For even more fun, I believe this is the case with HSV colored bulbs as well. The ON message may or may not be accompanied by an HSV message.

This would make sense - from an openhab standpoint you could probably ignore the ON command unless it has changed. Might be an over simplification but I think it’s a start.

Good news for you: I’m running into this issue. Not exactly how you are, but enough that I’m going to fix it for me, and it should address it for you.

The tl;dr: is that HomeKit views the world as if the dimmer level is independent from if the light is on. Which in some ways is nice. All of my physical (wave) switches remember their last level themselves, and when you turn them on locally will return to that last level. I wish that I was able to “preset” that level without the light’s actually coming on (i.e. after midnight, lights will come on to 20% brightness when activated, rather than the 100% that they were last used at earlier this evening). In HomeKit’s paradigm, this could actually work. But the flip side is any device that can’t remember its prior level must interpret an “on” command as “go to 100%”. This is how OpenHAB is designed - it doesn’t rely on persistence, so it allows DimmerItems to receive ON or a specific percentage, and just passes that on to the binding (or if there is no binding, i.e. a proxy item, interprets it as setting it to 100%). This actually works great for my switches - I can send them ON from OpenHAB, and in the log I’ll see “received command ON; predicted to become ON; changed to 100; changed to 27”. I.e. it forwarded the ON message as-is, then checked the state of the switch and said “hey, it actually went to 27%! woohoo!” (the “changed to 100” never actually happened. That was just the OpenHAB assuming an ON will set it to 100% and updating the internal state of the item before the binding could update the state to match reality). Unfortunately, this totally conflicts with HomeKit’s view. HomeKit thinks I need to turn the switch ON and to a specific percent. For most of my switches, this isn’t a problem - when they receive an ON and they’re already ON, they just ignore it. Then they receive the specific % to go to, and start dimming in that direction. No strobing.

It sounds like your switches interpret an ON as “go to 100%”, so when sliding the dimmer around in HomeKit, they strobe switching between 100% and the actual target very quickly. Normally I’d say “well, get smarter switches that can remember their state.” That’s probably not practical. Next I would say "well, OpenHAB supports persistence, it’d be awesome if there was an option to interpret “ON” as “return to last state” automatically, within the framework. That would get your switches to behave like mine.

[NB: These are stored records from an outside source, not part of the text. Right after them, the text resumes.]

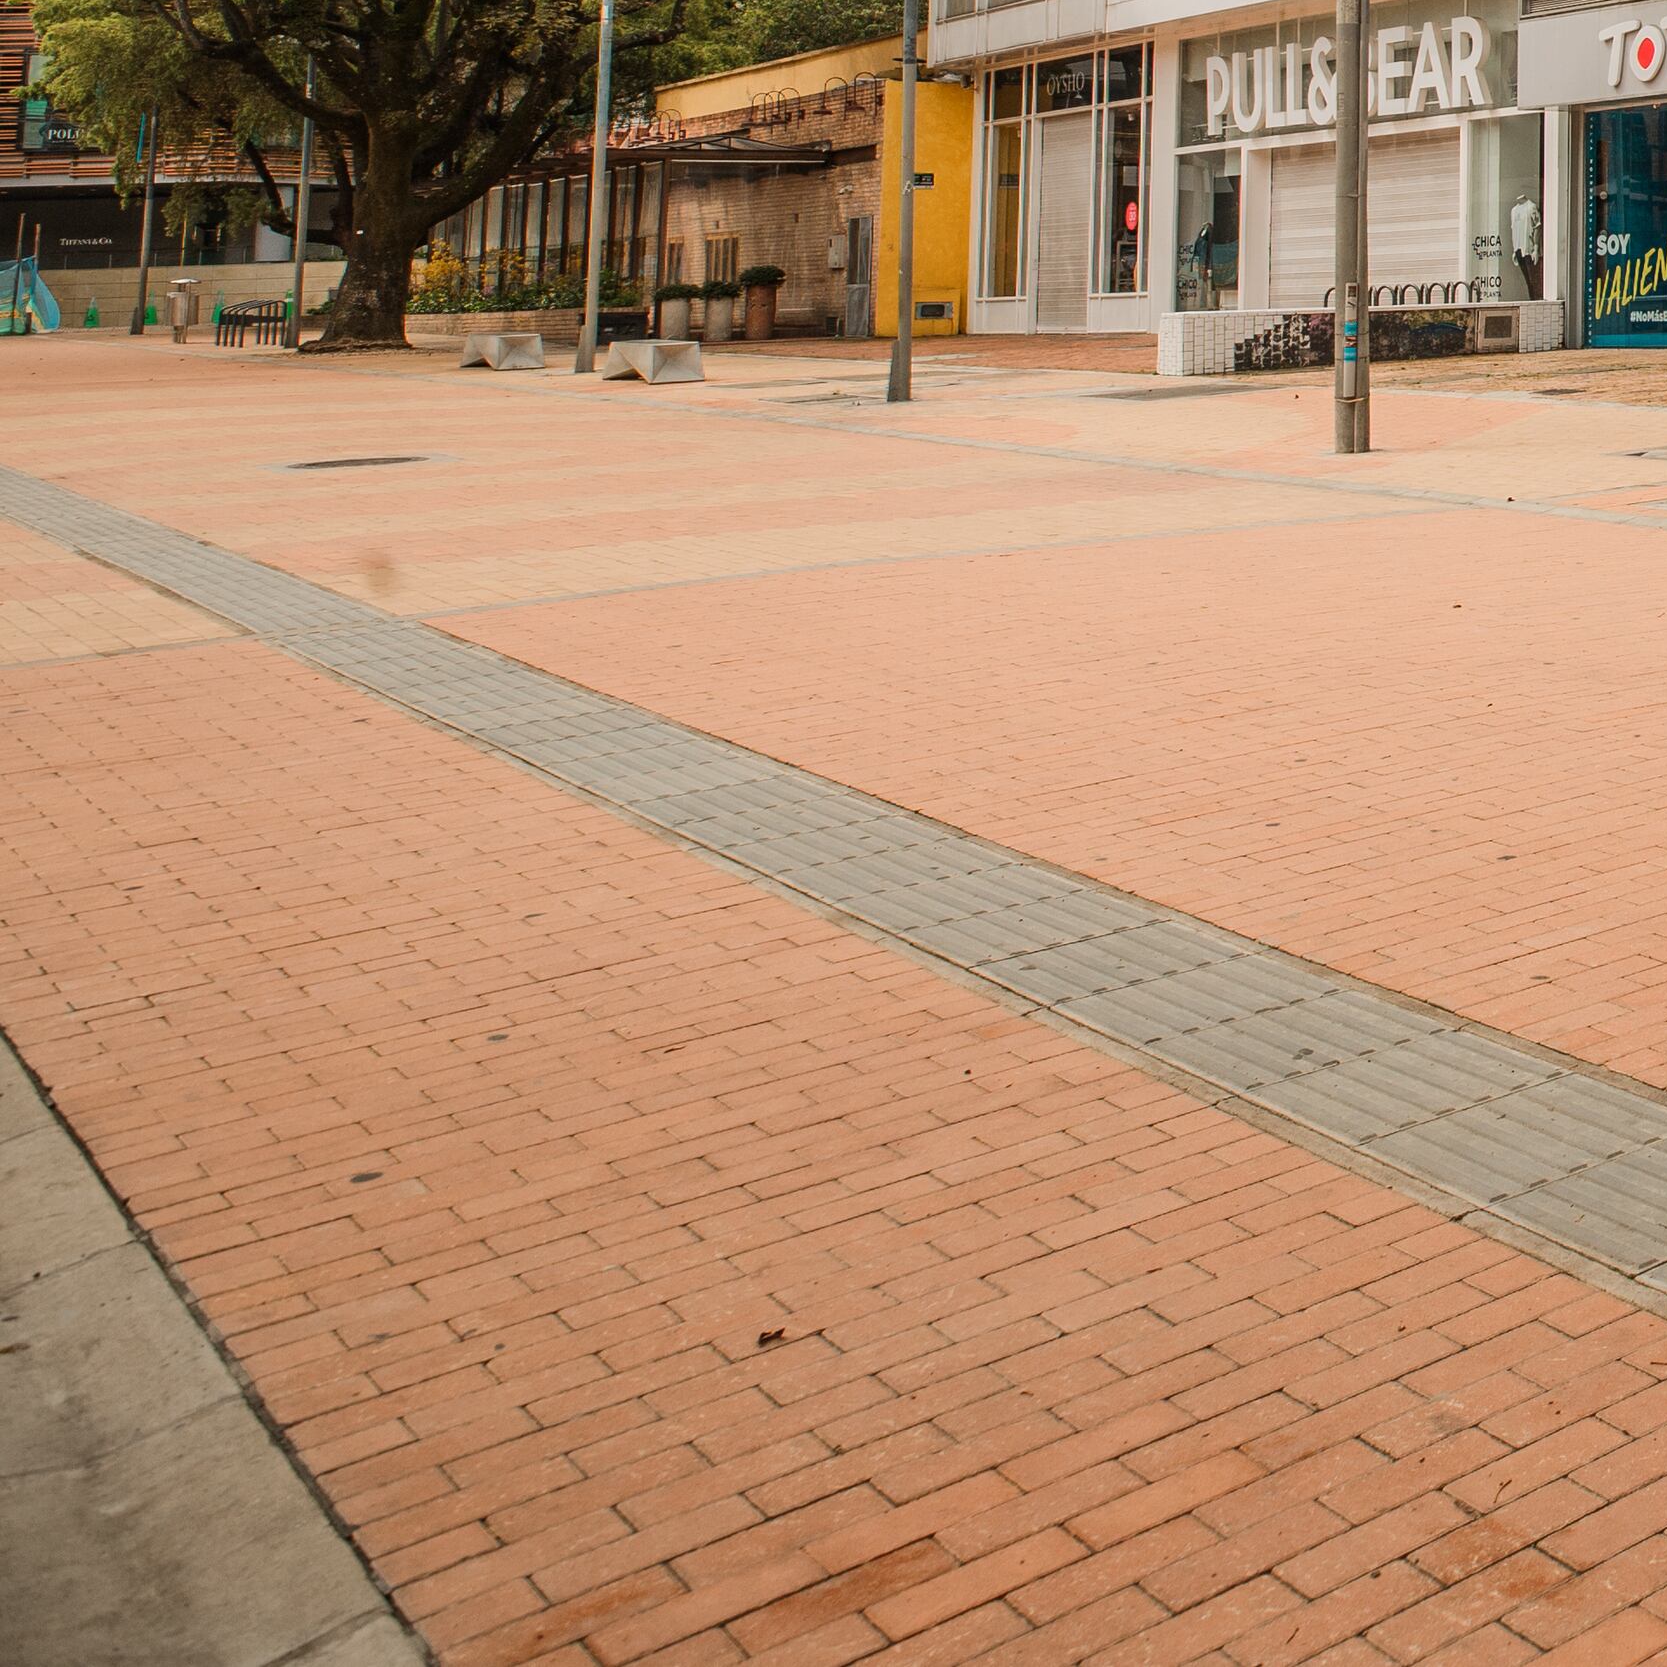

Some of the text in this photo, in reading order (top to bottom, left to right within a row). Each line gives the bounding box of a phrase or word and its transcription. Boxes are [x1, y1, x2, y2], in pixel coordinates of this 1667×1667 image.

[1047, 72, 1085, 95] OYSHO
[1206, 16, 1492, 136] PULL&EAR
[47, 128, 81, 140] POL
[1475, 235, 1502, 247] CHICA
[1596, 234, 1630, 256] SOY
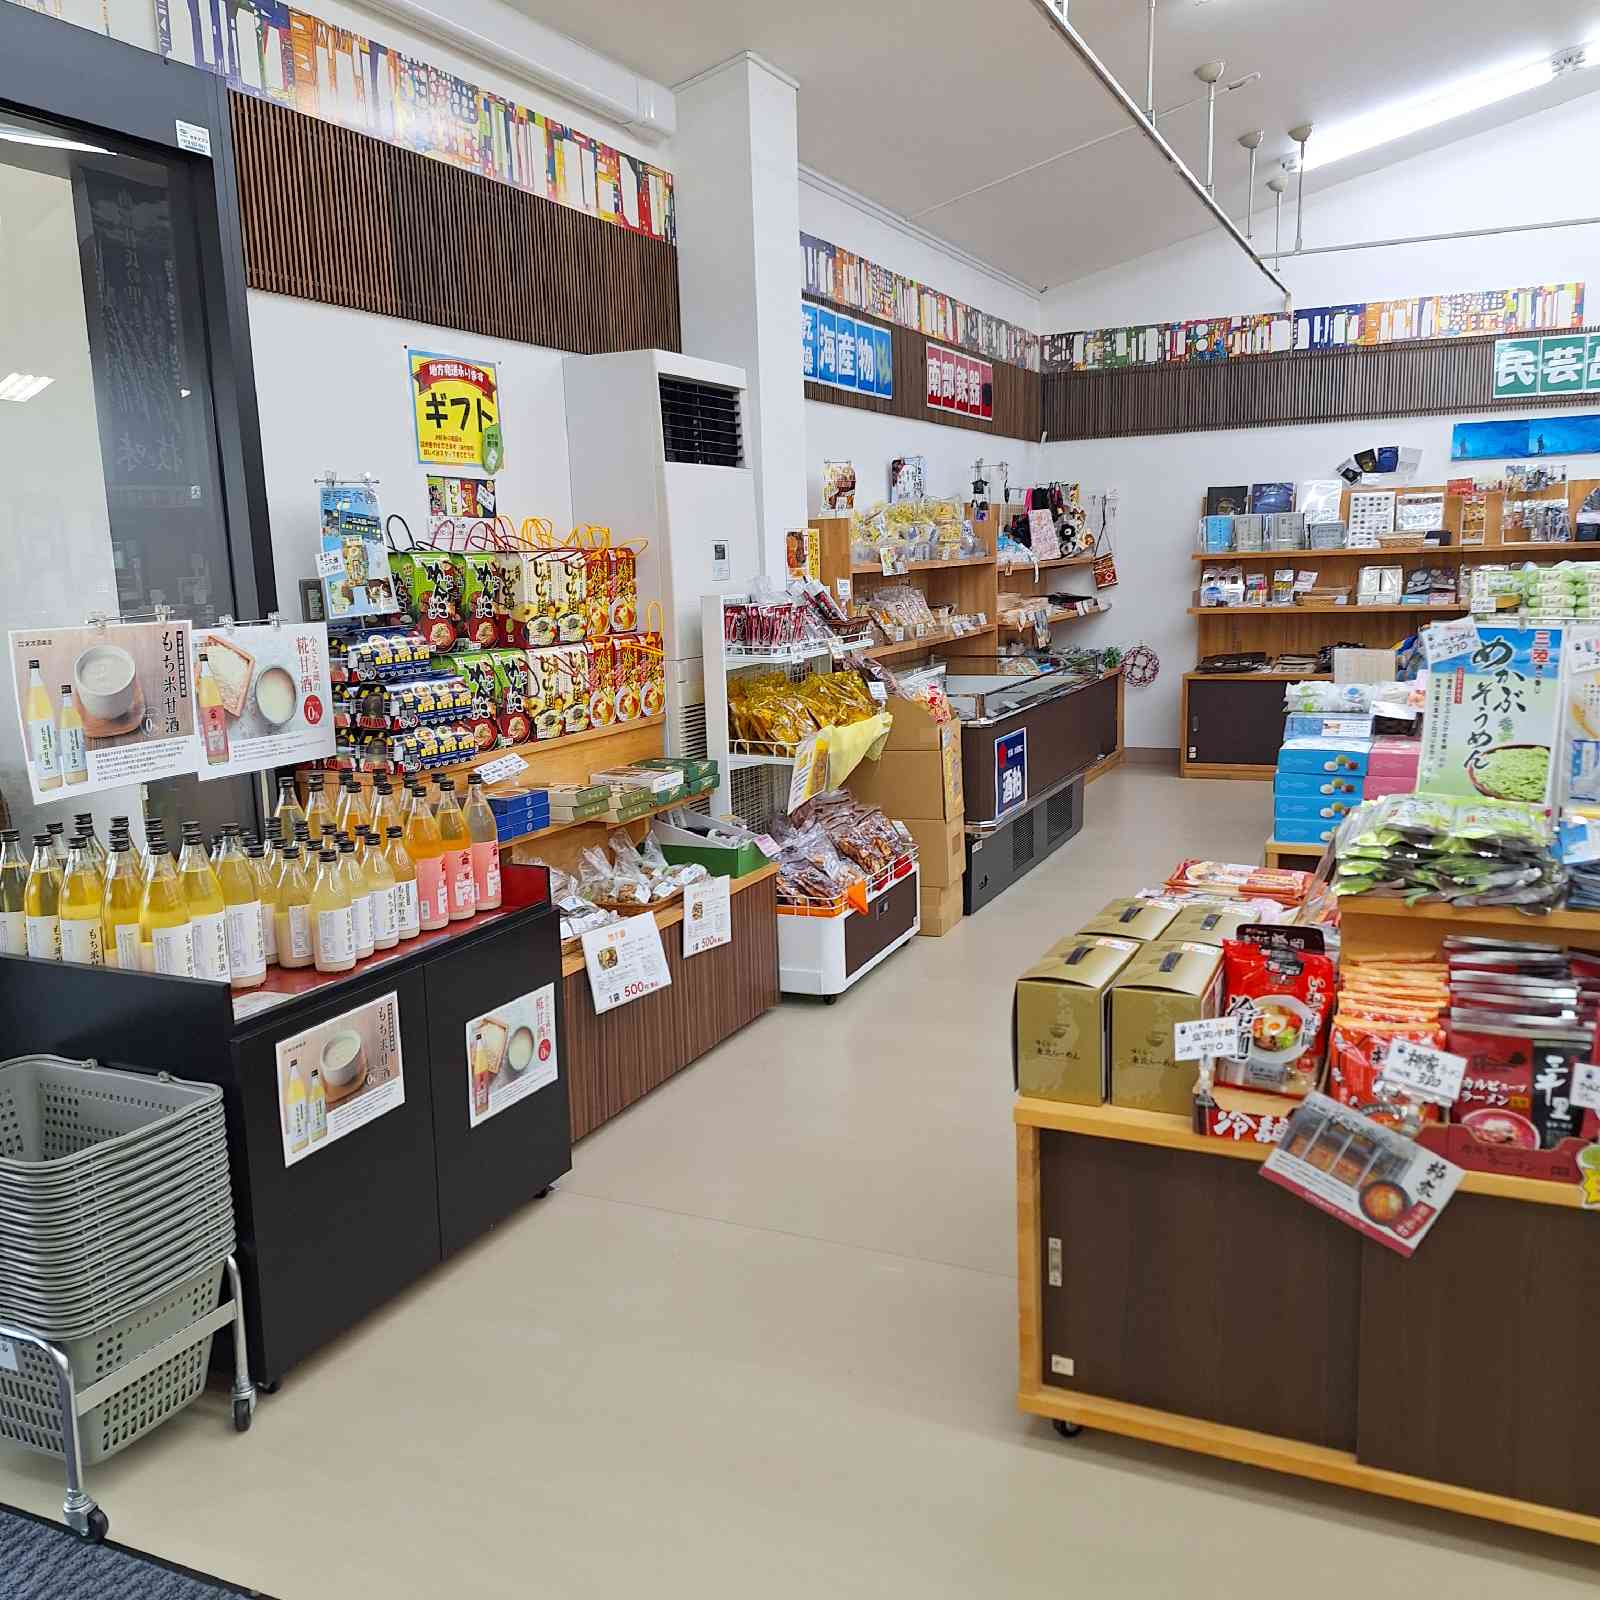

BUT… even if OpenHAB core were to do that, that would still leave a problem that annoys me: when the switch is off, and I turn it on in HomeKit, it always goes to 100% (ON and 100% are both sent). No way to solve that except for within the HomeKit add-on itself. So… while I’m solving that, I’ll solve your problem for you generically too, because they’re the same fundamentally. My intention is that if in a single request, an ON and a percent target are received, check the current state of the item. If it’s OFF, drop the percent target, and only pass through the ON command – allowing my switches to do their thing and return to their prior state. If it’s already ON (anything non-zero), drop the ON, and only pass through the percent – allowing your switches to not strobe (and actually improving the amount of traffic on my zwave network, because the superfluous message will now be dropped in OpenHAB, instead of by my end device).

I can’t promise when I’ll have this done, but hopefully within the next week or two. I actually have a proxy item controlling a non-zwave device experiencing some amount of strobing like you have, so I want it for that scenario too (funny story, the item is actually a zwave item, but it’s not directly connected to a load; instead it just uses rules to pass on whatever HomeKit or physical acting on the switch does to another service that actually controls the load). I just have lots of items on my openhab todo list (and real life todo list!), that I may have to do first.